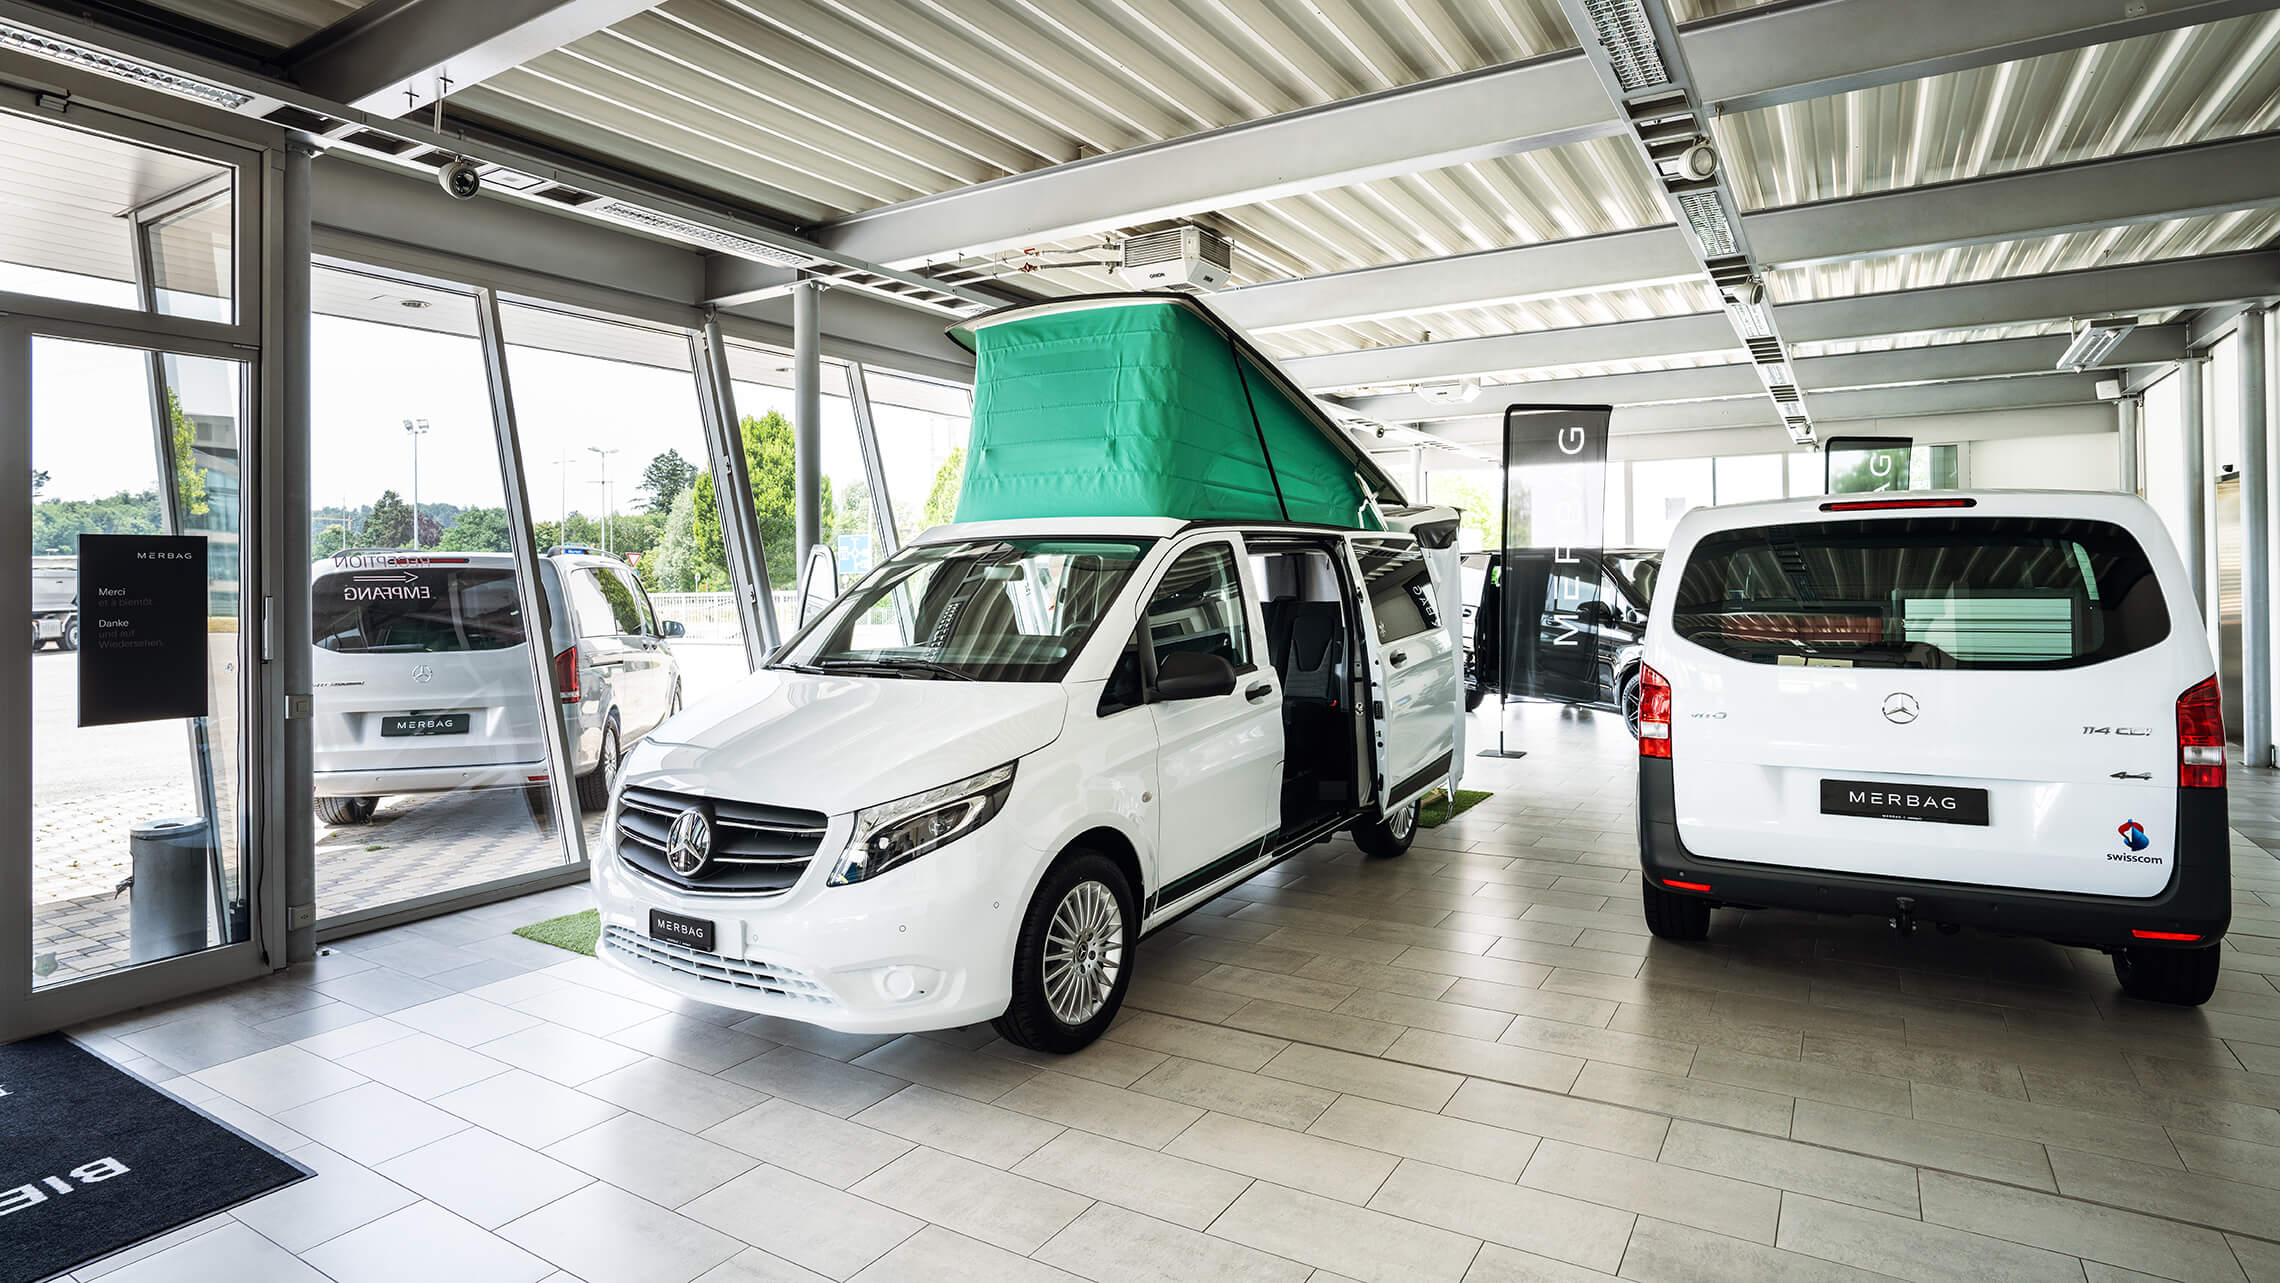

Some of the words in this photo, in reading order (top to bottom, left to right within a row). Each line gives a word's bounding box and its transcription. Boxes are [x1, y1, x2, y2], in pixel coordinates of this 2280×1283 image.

[136, 552, 193, 560] MERBAG
[98, 587, 126, 596] Merci
[98, 619, 129, 628] Danke
[397, 719, 453, 729] MERBAG
[1849, 791, 1957, 810] MERBAG
[2106, 852, 2163, 865] swisscom
[657, 918, 704, 938] MERBAG
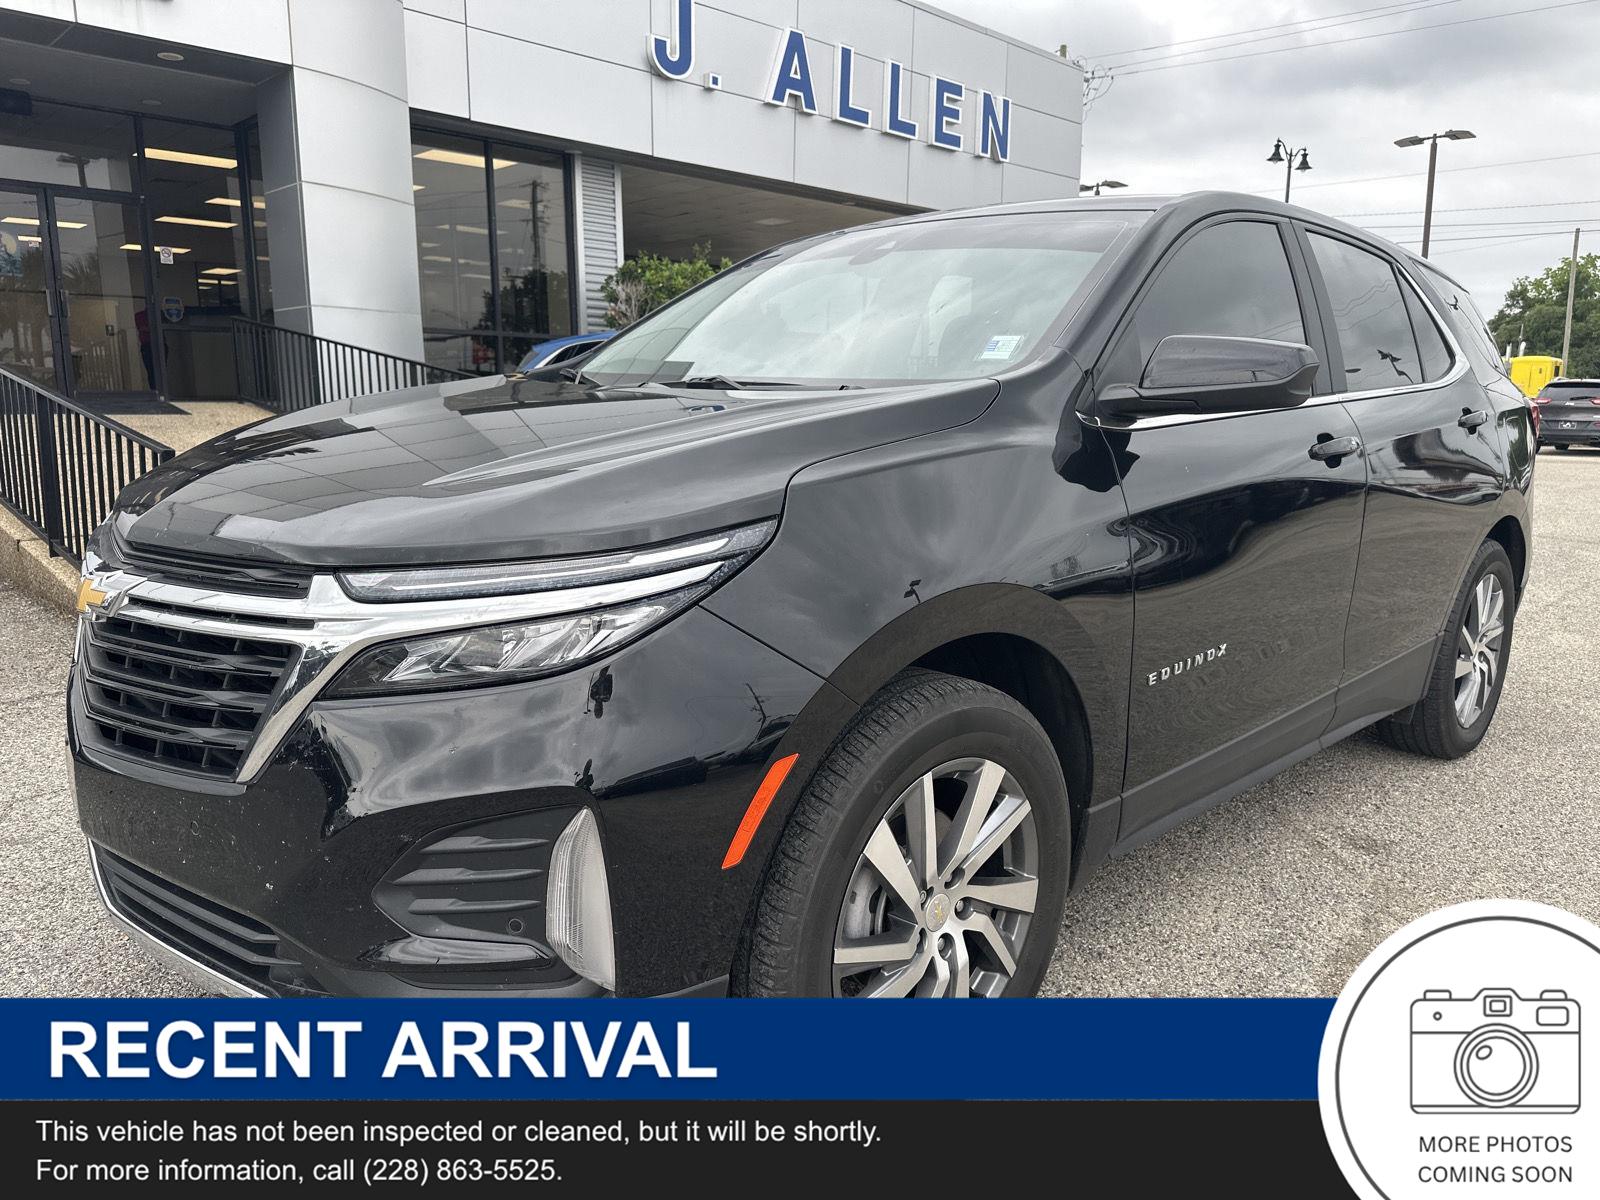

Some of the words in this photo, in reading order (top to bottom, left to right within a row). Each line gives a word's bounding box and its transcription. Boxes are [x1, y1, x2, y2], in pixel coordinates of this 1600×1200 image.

[648, 0, 722, 90] J.
[764, 27, 1012, 163] ALLEN
[1146, 643, 1227, 687] EQUINOX
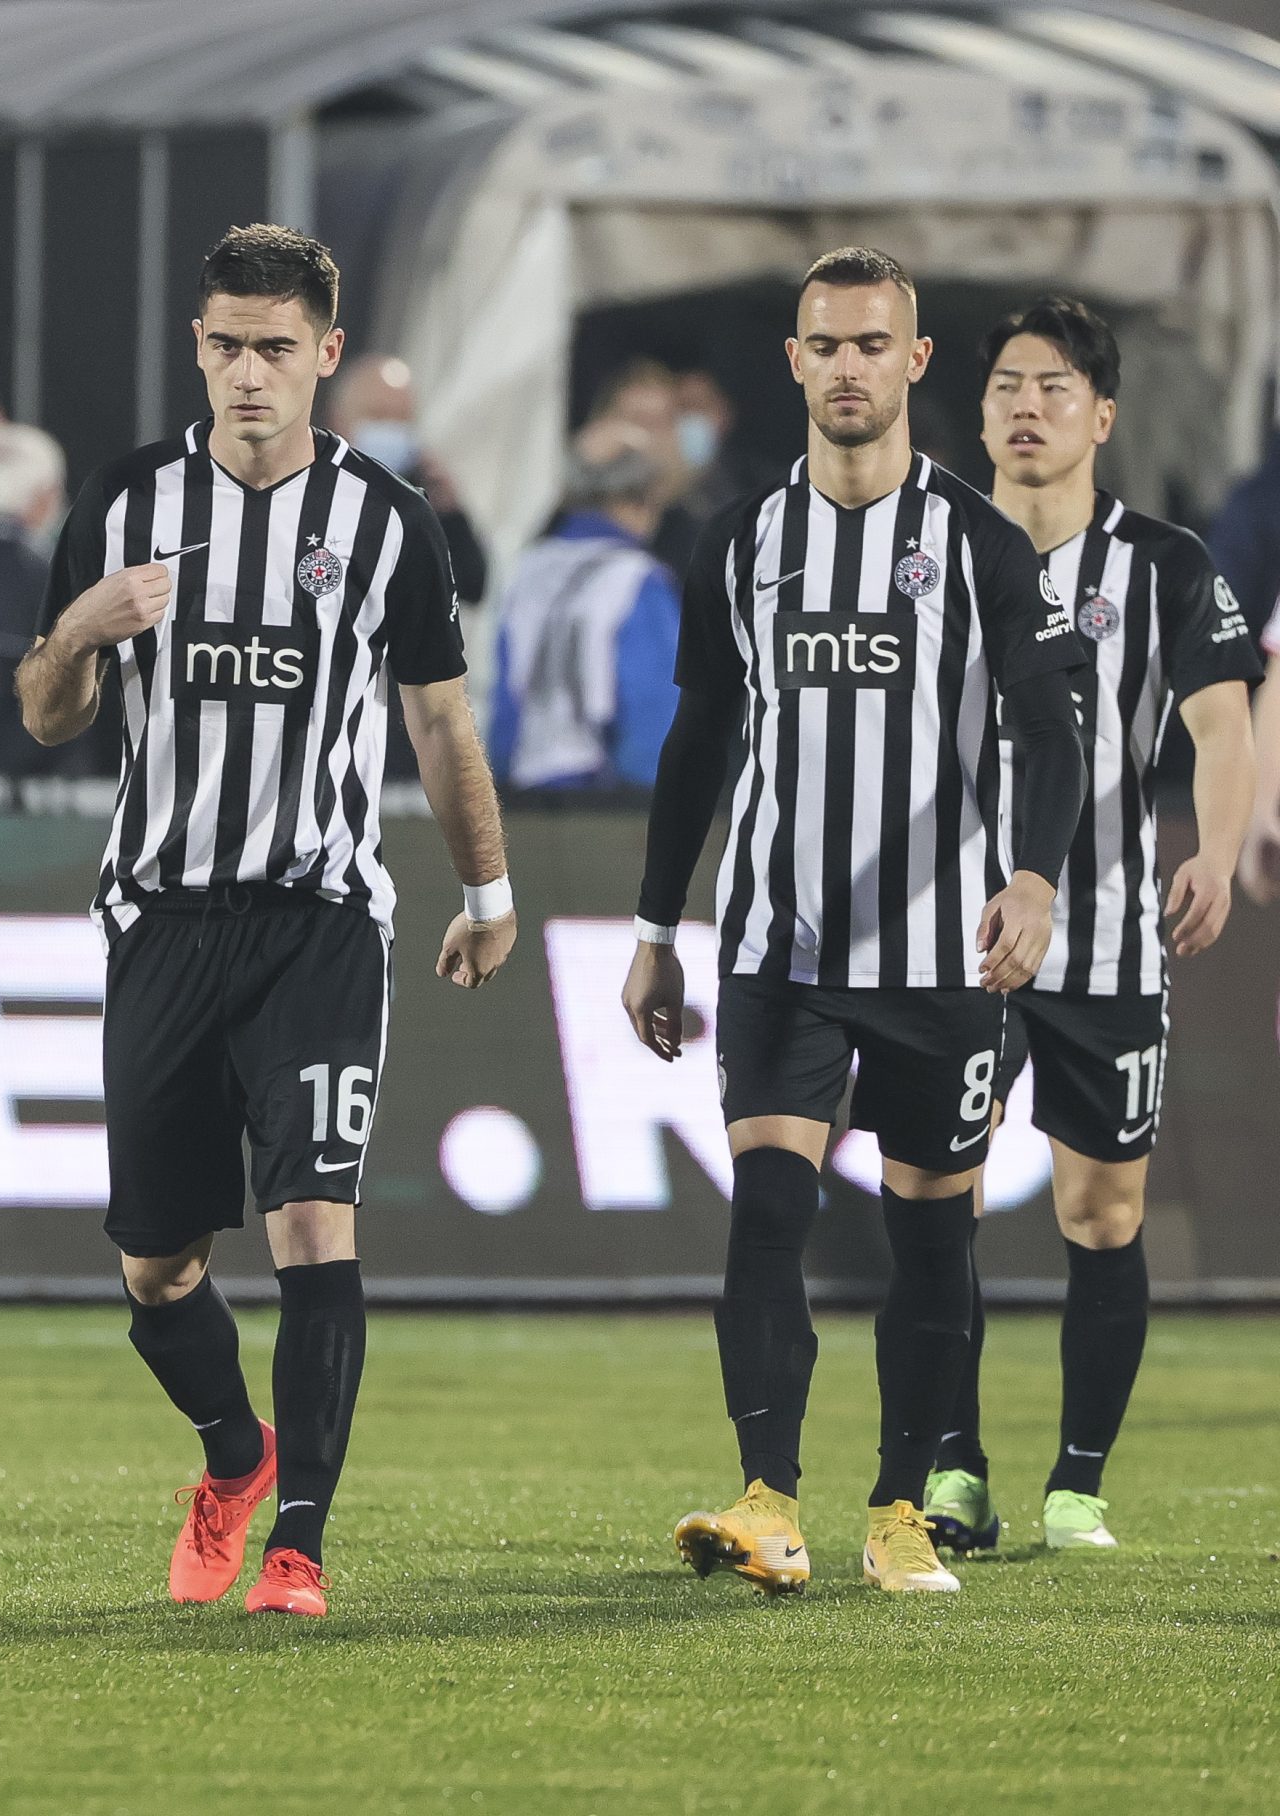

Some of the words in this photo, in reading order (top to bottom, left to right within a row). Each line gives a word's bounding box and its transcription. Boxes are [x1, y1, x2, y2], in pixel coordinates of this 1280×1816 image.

[1035, 622, 1071, 642] ОСИГУ
[1046, 610, 1068, 627] ДУН
[186, 635, 304, 689] mts
[786, 623, 901, 674] mts
[299, 1063, 373, 1145] 16
[959, 1049, 995, 1122] 8
[1115, 1043, 1159, 1121] 11

· · · ·

ABOUT THIS TASK: Find the line with "this 1280×1816 image." in the listing above, then write out that line and each remaining line exactly, with no other text.

ANSWER FOR THE TASK:
Some of the words in this photo, in reading order (top to bottom, left to right within a row). Each line gives a word's bounding box and its transcription. Boxes are [x1, y1, x2, y2], in pixel coordinates of this 1280×1816 image.

[1035, 622, 1071, 642] ОСИГУ
[1046, 610, 1068, 627] ДУН
[186, 635, 304, 689] mts
[786, 623, 901, 674] mts
[299, 1063, 373, 1145] 16
[959, 1049, 995, 1122] 8
[1115, 1043, 1159, 1121] 11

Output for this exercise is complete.